### RECORDS TO PROCESS:
* * * *

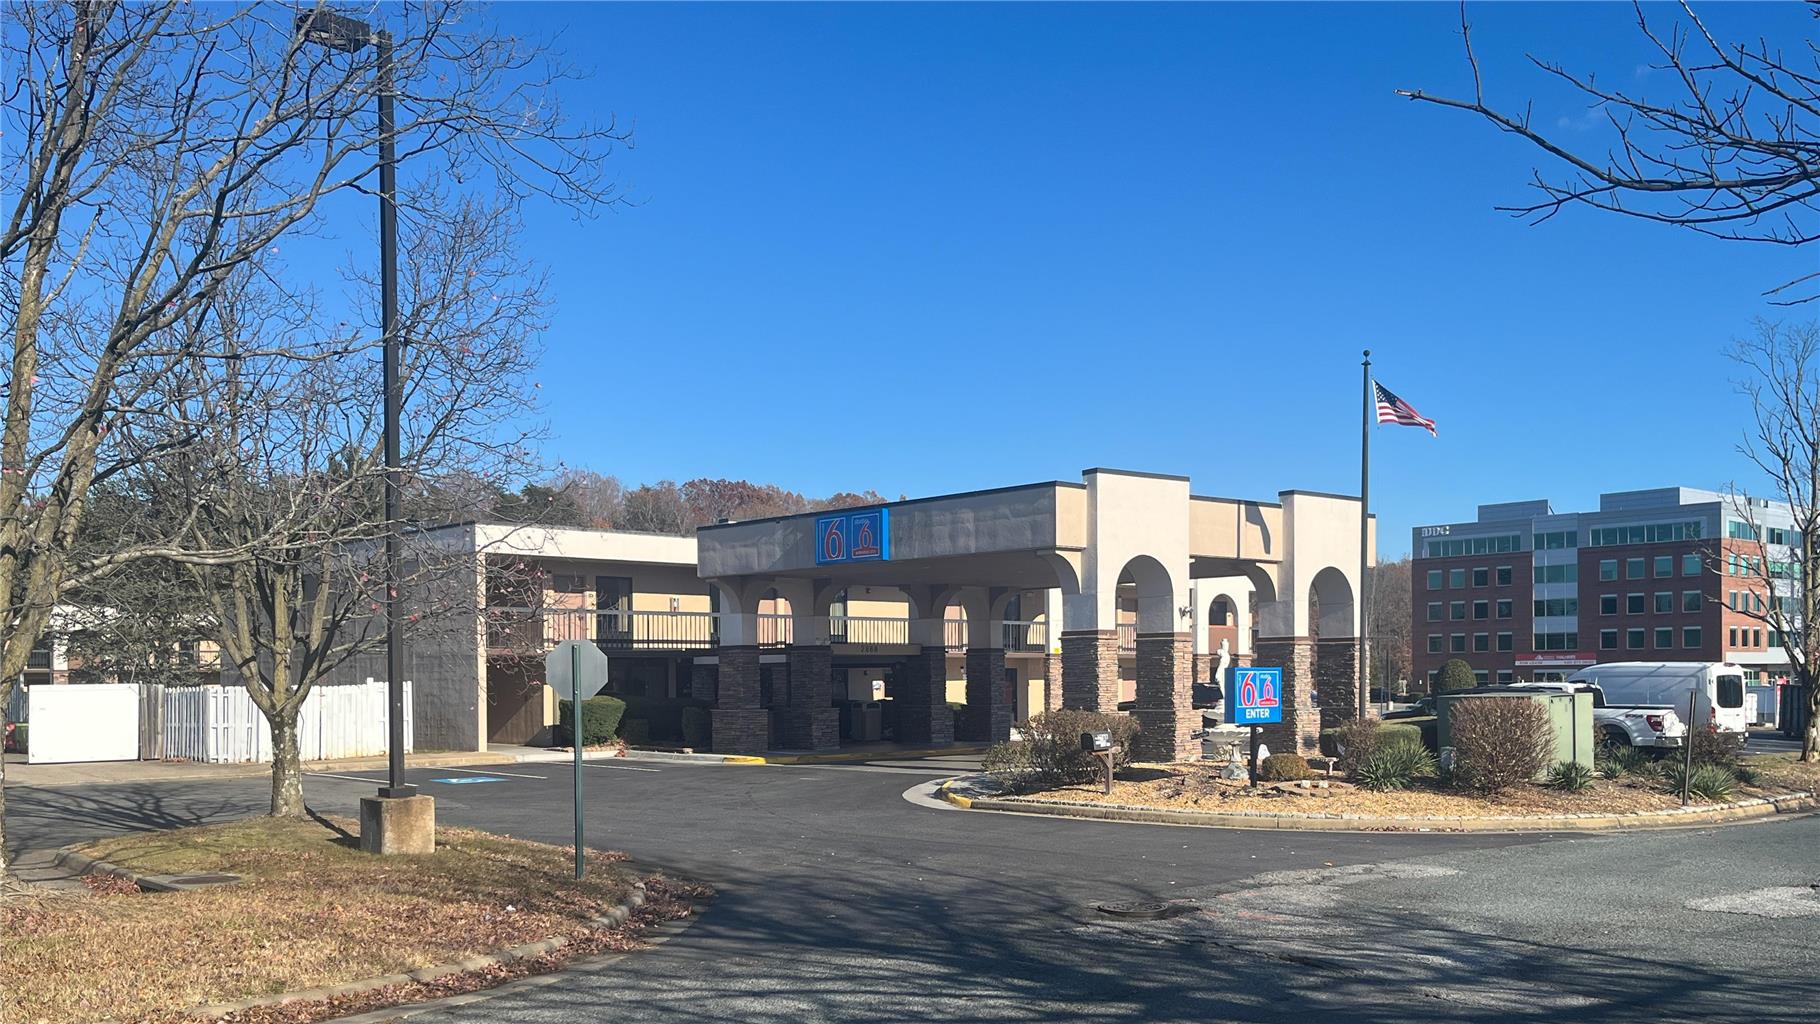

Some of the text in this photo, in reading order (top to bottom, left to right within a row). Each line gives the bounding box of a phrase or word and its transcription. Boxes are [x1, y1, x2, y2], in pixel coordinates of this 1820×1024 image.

[825, 519, 844, 561] 6
[859, 519, 872, 549] 6
[1241, 671, 1257, 708] 6
[1263, 676, 1274, 700] 6
[1245, 708, 1270, 719] ENTER
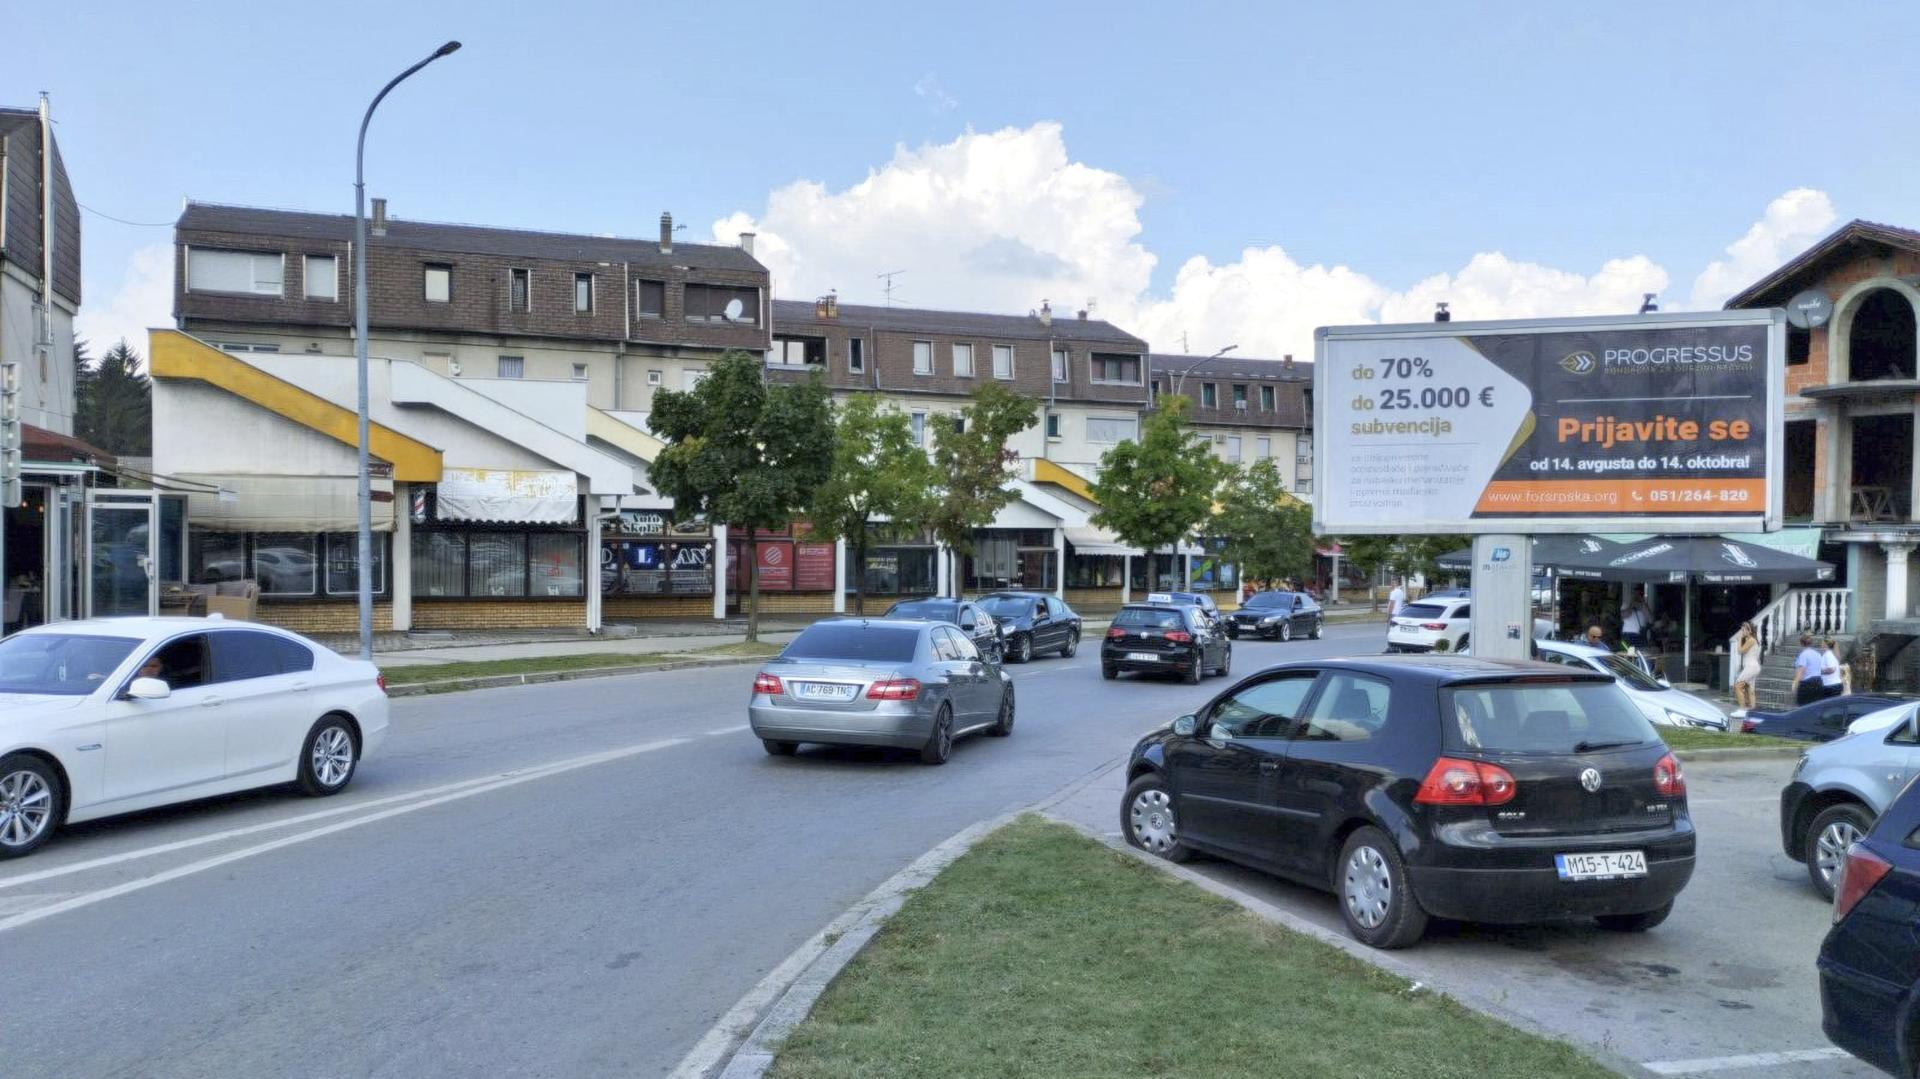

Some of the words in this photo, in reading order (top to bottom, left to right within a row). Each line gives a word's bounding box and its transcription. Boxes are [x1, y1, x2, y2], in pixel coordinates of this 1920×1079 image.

[1604, 345, 1753, 366] PROGRESSUS
[1351, 364, 1375, 380] do
[1379, 357, 1434, 379] 70%
[1351, 395, 1375, 411] do
[1379, 387, 1470, 410] 25.000
[1478, 386, 1495, 408] €
[1351, 417, 1452, 437] subvencija
[1558, 415, 1699, 449] Prijavite
[1708, 419, 1750, 440] se
[1530, 458, 1549, 471] od
[1552, 457, 1574, 471] 14.
[1577, 457, 1635, 473] avgusta
[1638, 456, 1656, 470] do
[1660, 456, 1683, 470] 14.
[1687, 455, 1750, 470] oktobra!
[1650, 489, 1749, 502] 051/264-820
[1566, 852, 1645, 874] M15-T-424

* * * *

The answer must reproduce every line of the records above exactly, with all pictures left out.

### SOLUTION TO THE EXERCISE:
Some of the text in this photo, in reading order (top to bottom, left to right within a row). Each line gives the bounding box of a phrase or word and its transcription. Boxes are [x1, y1, x2, y2], in pixel coordinates of this 1820×1024 image.

[825, 519, 844, 561] 6
[859, 519, 872, 549] 6
[1241, 671, 1257, 708] 6
[1263, 676, 1274, 700] 6
[1245, 708, 1270, 719] ENTER

Some of the words in this photo, in reading order (top to bottom, left to right within a row). Each line gives a word's bounding box and its transcription. Boxes are [x1, y1, x2, y2], in pixel coordinates of this 1920×1079 image.

[1604, 345, 1753, 366] PROGRESSUS
[1351, 364, 1375, 380] do
[1379, 357, 1434, 379] 70%
[1351, 395, 1375, 411] do
[1379, 387, 1470, 410] 25.000
[1478, 386, 1495, 408] €
[1351, 417, 1452, 437] subvencija
[1558, 415, 1699, 449] Prijavite
[1708, 419, 1750, 440] se
[1530, 458, 1549, 471] od
[1552, 457, 1574, 471] 14.
[1577, 457, 1635, 473] avgusta
[1638, 456, 1656, 470] do
[1660, 456, 1683, 470] 14.
[1687, 455, 1750, 470] oktobra!
[1650, 489, 1749, 502] 051/264-820
[1566, 852, 1645, 874] M15-T-424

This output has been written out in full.